▶ [PROBLEM REQUIREMENTS] Each entry below is to be reproduced exactly, though any pictures it holds must be omitted.

▶ [STORED DATA]
Start of Block

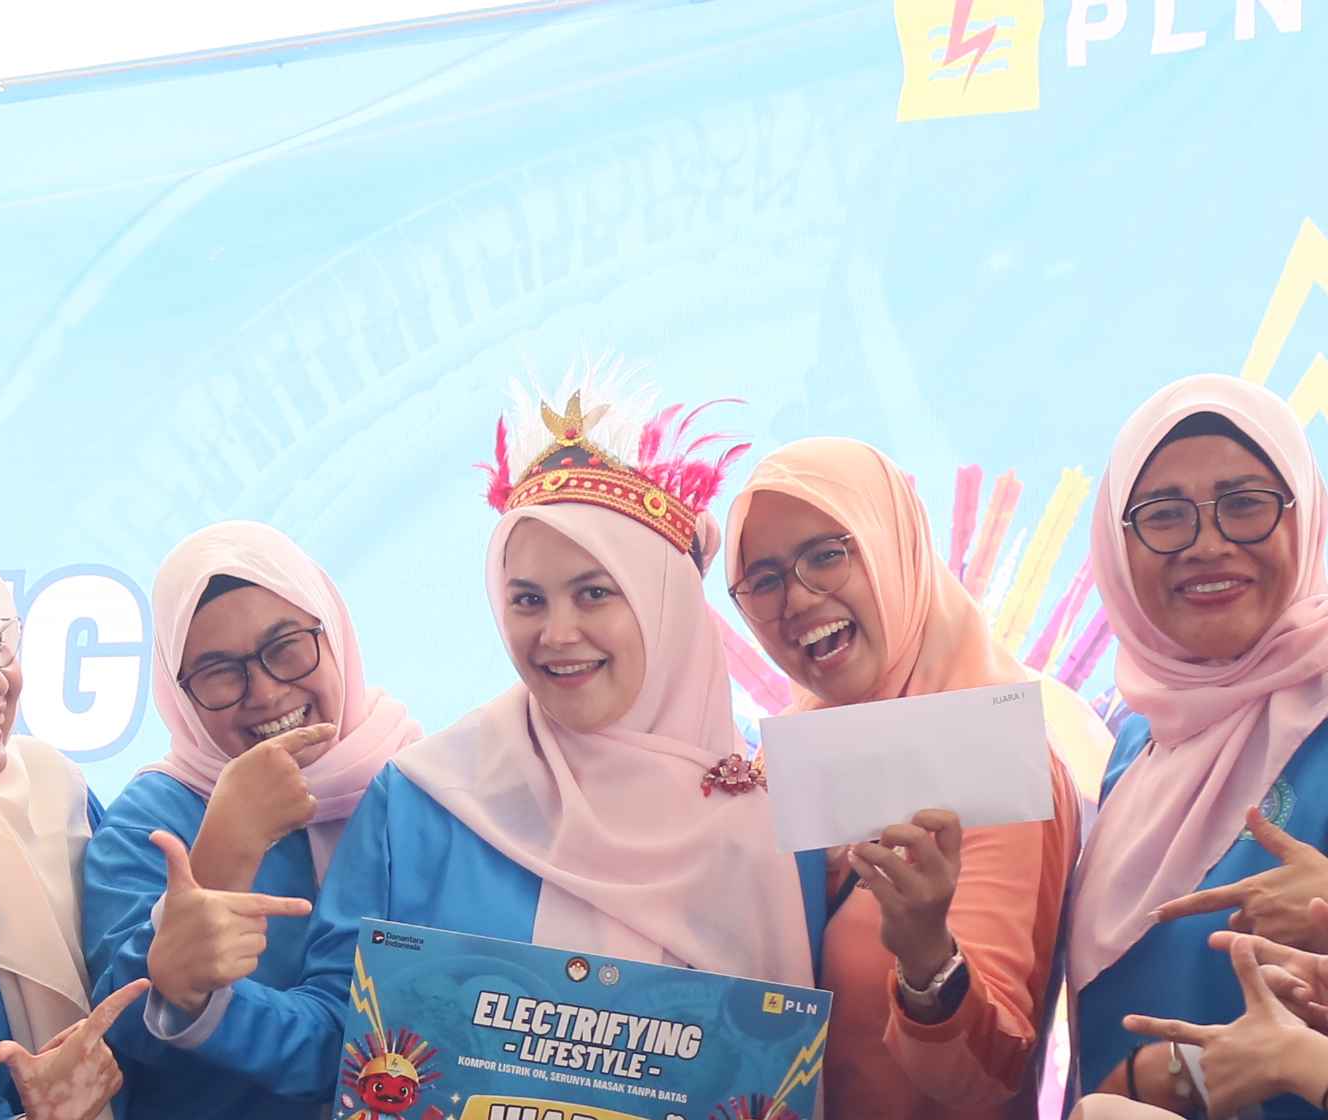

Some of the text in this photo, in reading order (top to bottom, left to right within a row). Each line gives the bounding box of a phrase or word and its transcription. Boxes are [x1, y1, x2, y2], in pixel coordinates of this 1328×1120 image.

[1065, 0, 1304, 68] PLN
[472, 991, 703, 1060] ELECTRIFYING
[785, 1000, 818, 1015] PLN
[458, 1056, 687, 1104] KOMPOR LISTRIK ON, SERUNYA MASAK TANPA BATAS
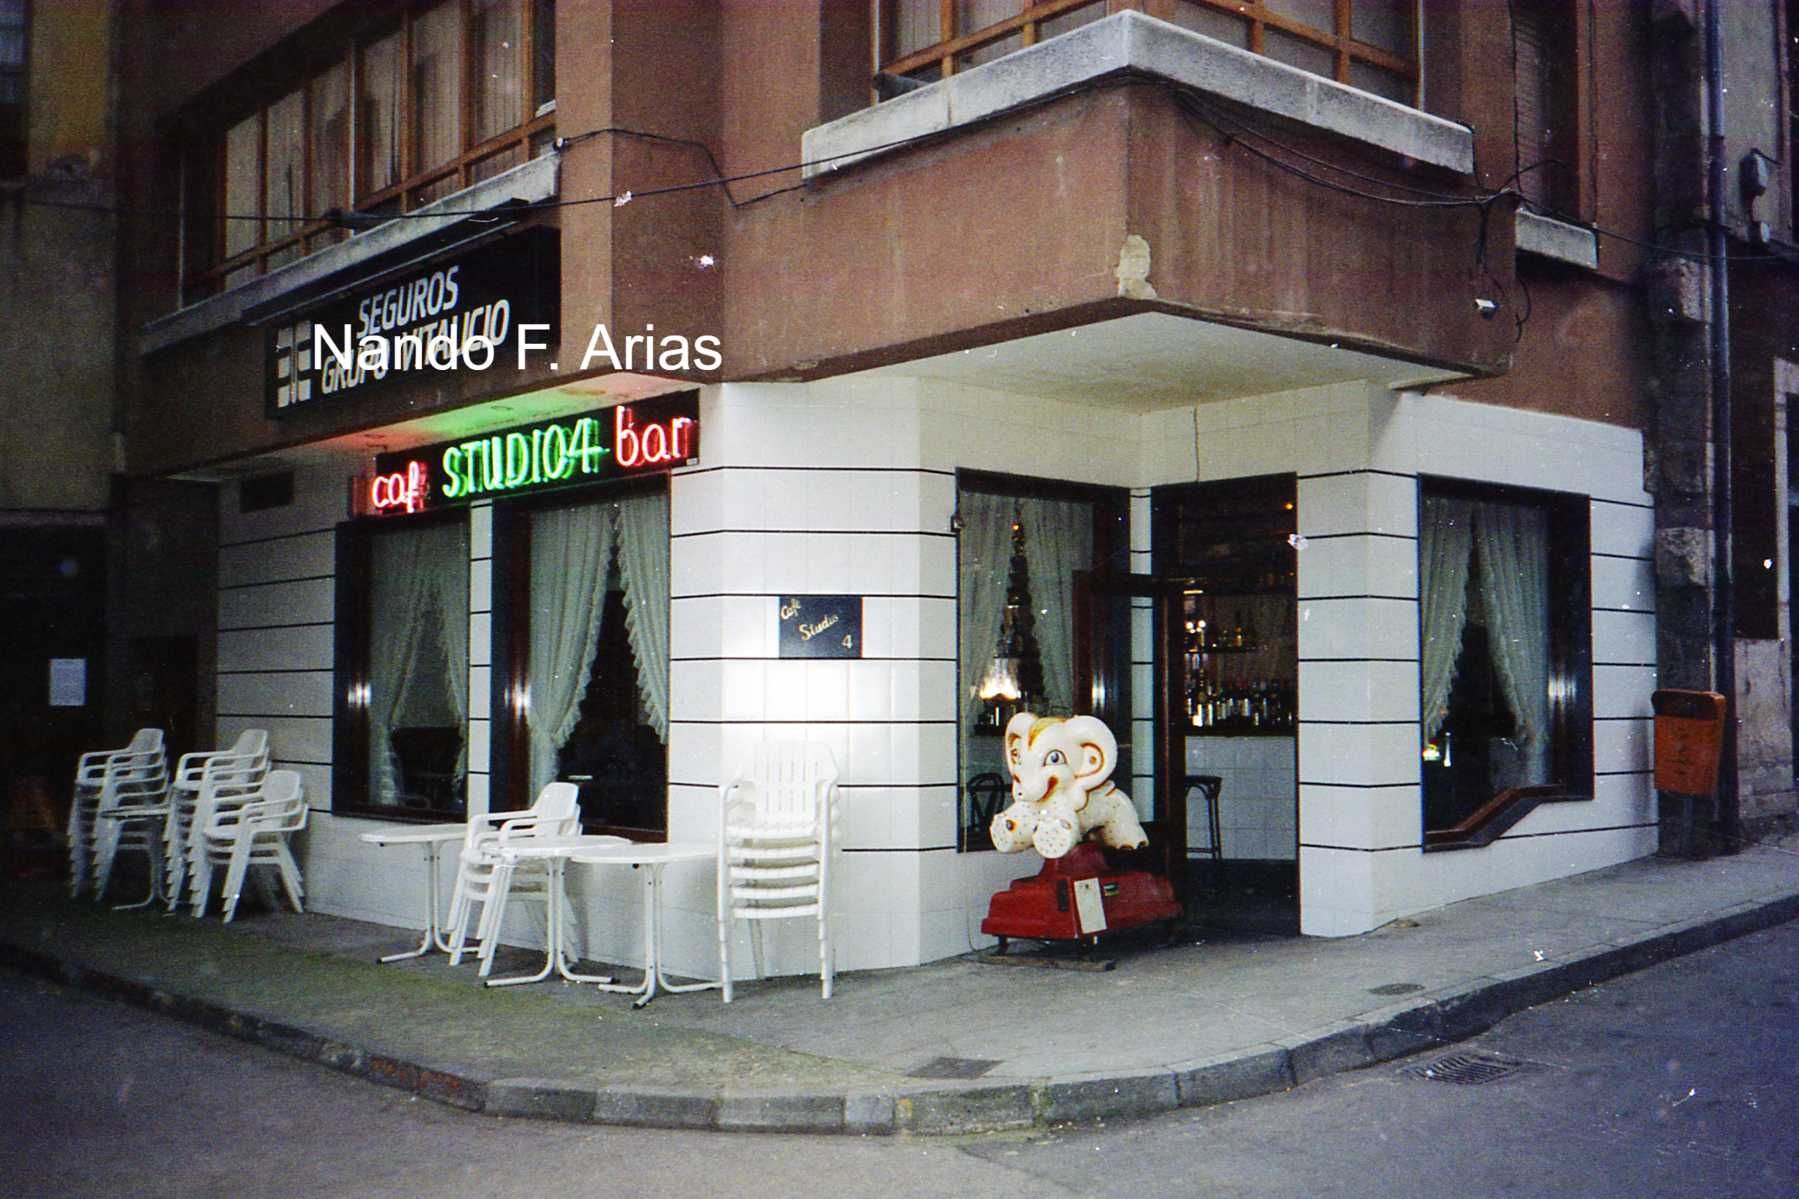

End of Block

▶ [REPLY TO THE EXERCISE]
Some of the text in this photo, in reading order (top to bottom, left to right within a row). Each line gives the bounding box of a phrase or word and its transcription. Boxes are [x1, y1, x2, y2], in pixel coordinates of this 1328×1120 image.

[1065, 0, 1304, 68] PLN
[472, 991, 703, 1060] ELECTRIFYING
[785, 1000, 818, 1015] PLN
[458, 1056, 687, 1104] KOMPOR LISTRIK ON, SERUNYA MASAK TANPA BATAS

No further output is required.